Traditionally, for communicational purposes, expression is anchored to a ' content '. The content is viewed as having an objective existence prior and exterior to the form of expression. The assumed solidity of the content transfers, across the mirror-like correspondence or moulded conformity, into a trustworthiness of the subjective expression. Moulded, mirroring, expression fathfully conveys content: re-presents it at a subjective distance. This enables communication, understood as a faithful exchange of contents transmitted at a convenient distance from their objective emplacement. In this model, content is the beginning and of communicative expression: at once its external cause and its guarantee of validity. This causal guarantee is crucial, because the subjective distancing upon which communication is predicated enables deception no less than exchange. If ther were no common form or correspondence, who could say? And what? Anyone, anything--out of control. The ' postmodern ' is an image of communication out of control. Seeming to have lost its mooring in objective conformity or correspondence, it appears uncaused, unmotivated, in endless, unguaranteed ' slippage '.
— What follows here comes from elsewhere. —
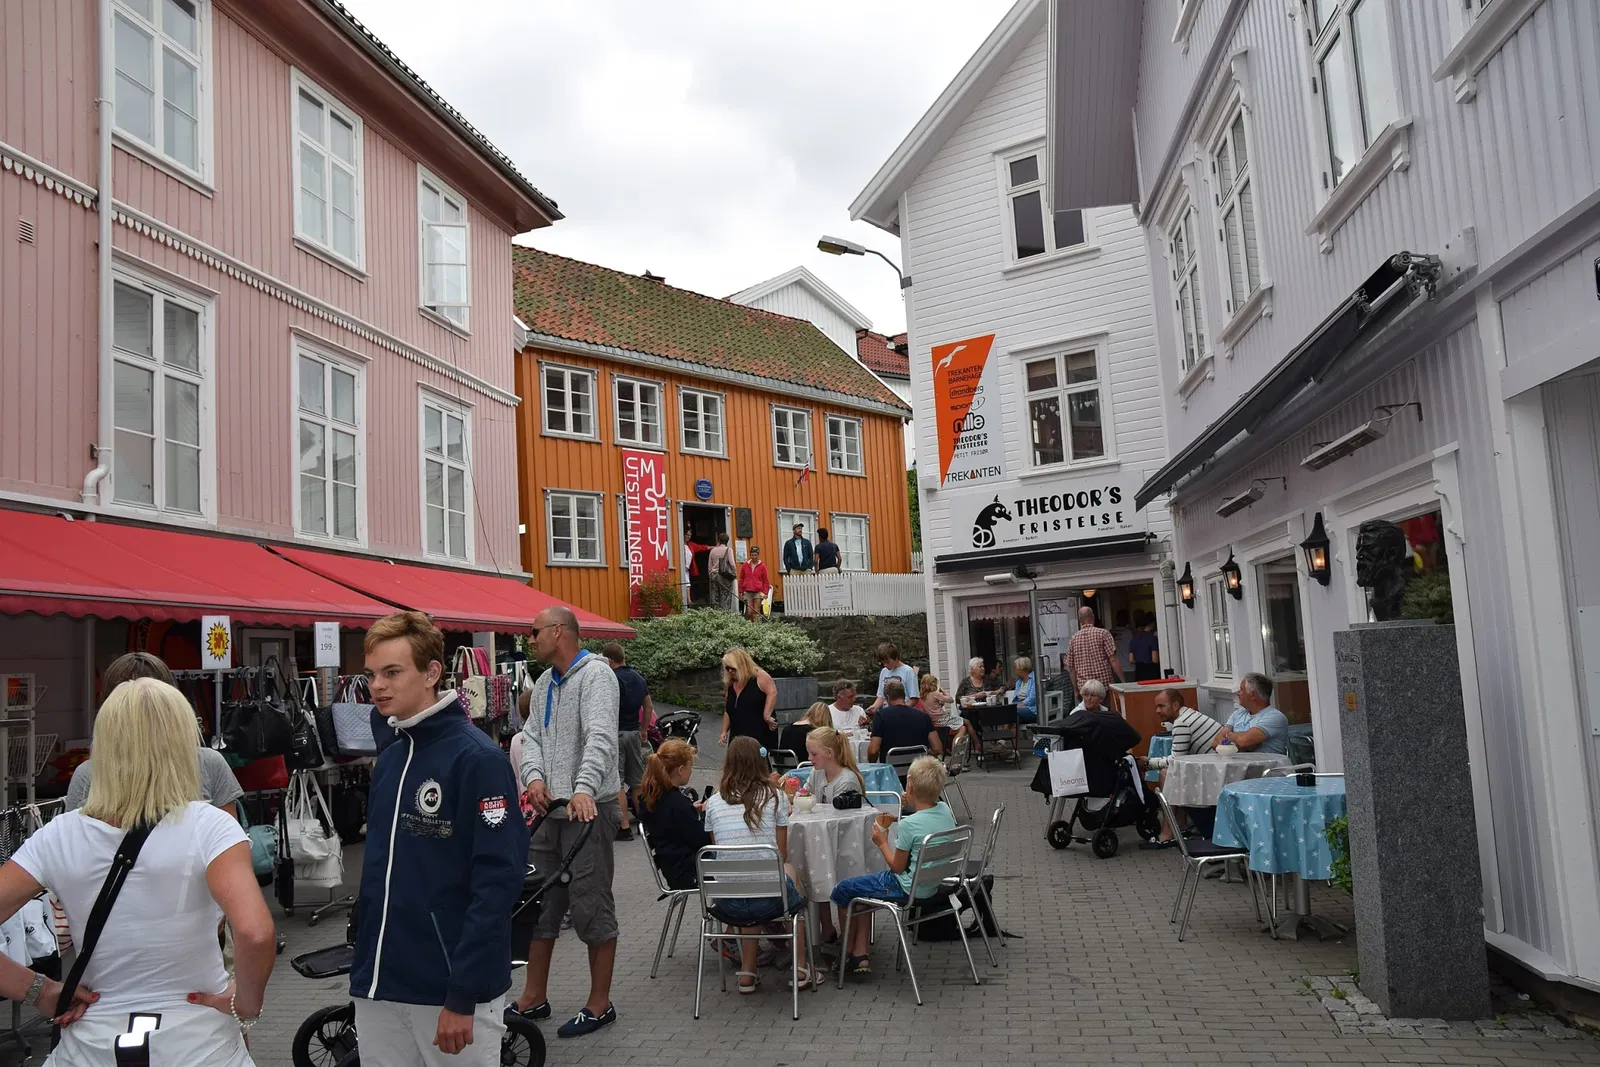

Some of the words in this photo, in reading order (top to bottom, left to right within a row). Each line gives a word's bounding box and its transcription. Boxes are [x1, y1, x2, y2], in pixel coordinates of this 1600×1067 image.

One of the reasons Deleuze and Guattari find the basic communicational model questionable is that it assumes a world of already-definded things for the mirroring. Expression's potential is straight-jacketed by this pre-definition. In Logic of Sense (1990), Deleuze confronts the ' propositional ' view of language underpinning this model, arguing that it allows three fundamental operations, none of which are up to the measure of expression's potential: a three-sleeved straight-jacket. The first cuff,' Designation ', concerns the faithfulness of the expression to the particular state of things with which it is in conformity or to which it corresponds: its objectivity. ' Manifestation ' is the subjective correlate of designation. It pertains to the personal desires and beliefs owned up to by the designating ' I '. ' Signification ' is founded on the capacity of designation to apply beyond particulars to kinds, in other words to geniral ideas and their implications: ' it is a question of the relation of the word to universal or general concepts, and of syntactic connections to the implications of the concept '. If designation concerns the true and the false, signification concerns the ' conditions' of truth and falsehood: ' the aggregate of conditions under which the proposition ' would be ' true '. ' The condition of truth ', it must be noted, ' is not opposed to the false, but to the absurd ' ( Deleuze,1990:14-15)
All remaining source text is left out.